A bug in the very popular open source OpenSSL cryptography library can be abused to cause an infinite loop which causes a denial of service condition, security researchers have found.

Google Project Zero security researchers David Benjamin and Tavis Ormandy discovered the bug, and reported it to the OpenSSL project maintainers on February 25.
Rated as high severity, the bug can be triggered by a malicious digital certificate with invalid explicit curve parameters, OpenSSL said in its advisory.
"The BN_mod_sqrt() function, which computes a modular square root, contains
a bug that can cause it to loop forever for non-prime moduli," the OpenSSL project said.

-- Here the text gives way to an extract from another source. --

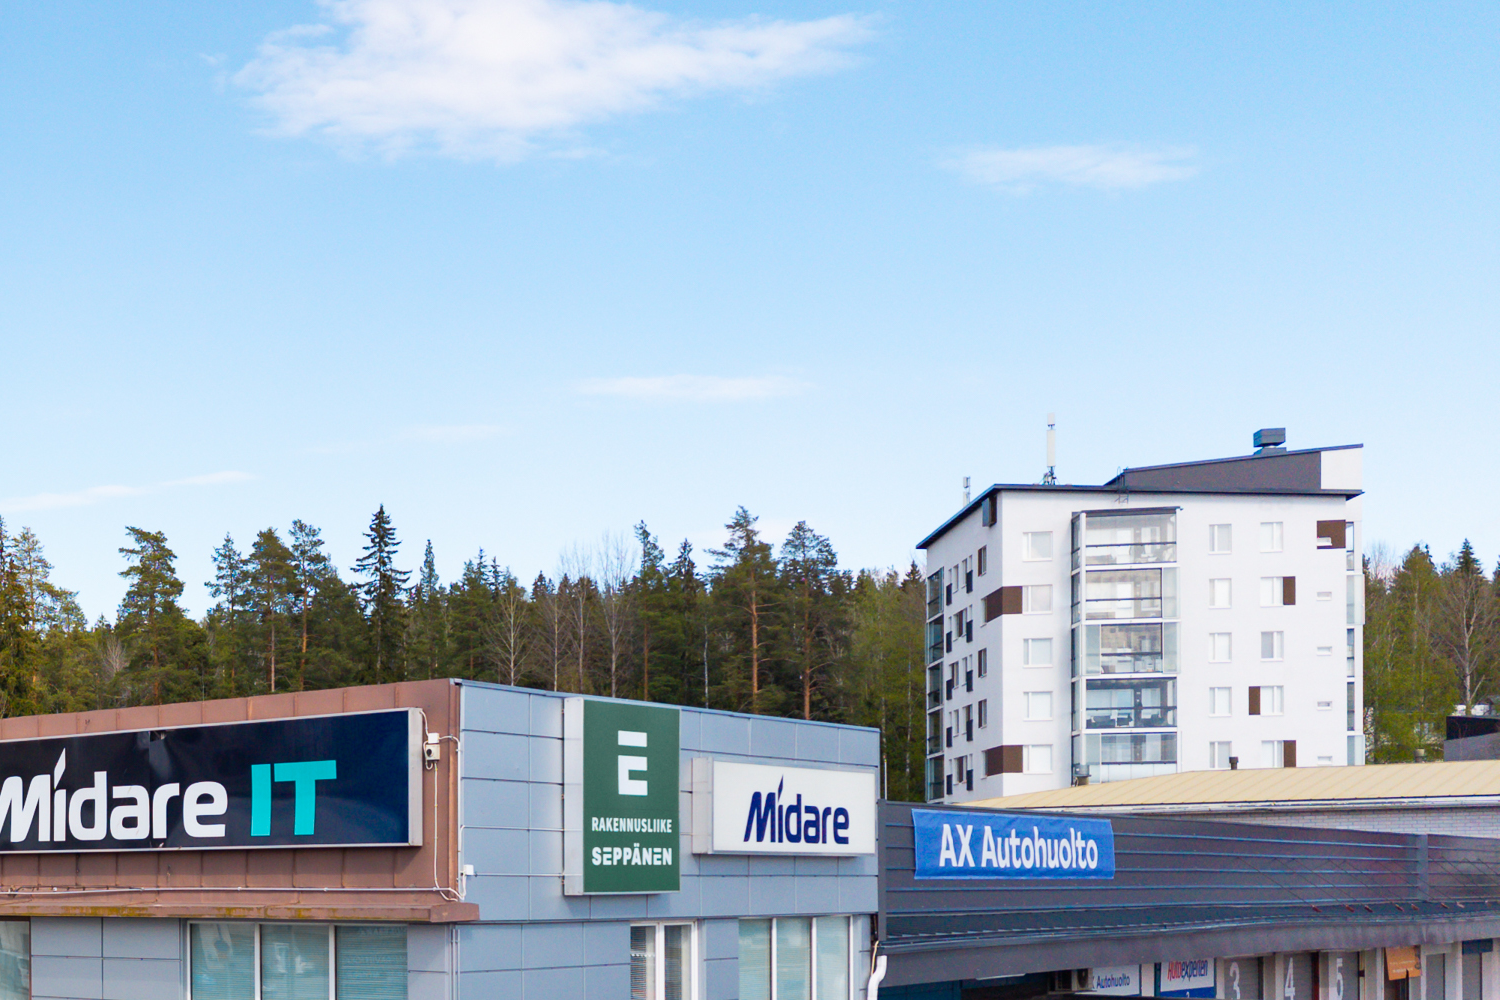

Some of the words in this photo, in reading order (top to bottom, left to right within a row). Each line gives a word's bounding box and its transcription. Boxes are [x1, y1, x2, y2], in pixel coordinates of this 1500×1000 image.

The advisory says the infinite loop can cause denial-of-service for TLS servers consuming client certificates; hosting providers taking certificates or private keys from customers; certificate authorities parsing certification requests from subscribers; and anything else which parses ASN.1 elliptic curve parameters.
OpenSSL versions 1.0.2, 1.1.1 and 3.0 are affected by the bug, and users are advised to upgrade to version 1.0.2zd for premium extended support customers, 1.1.1n and 3.0.2 respectively.
The LibreSSL cryptographic library that's based on OpenSSL, and maintained by OpenBSD, has also updated its software.
Versions 3.3.6, 3.4.3, and 3.5.1, patched against the infinite loop denial of service condition, will appear on OpenBSD mirrors soon, LibreSSL maintainers advised.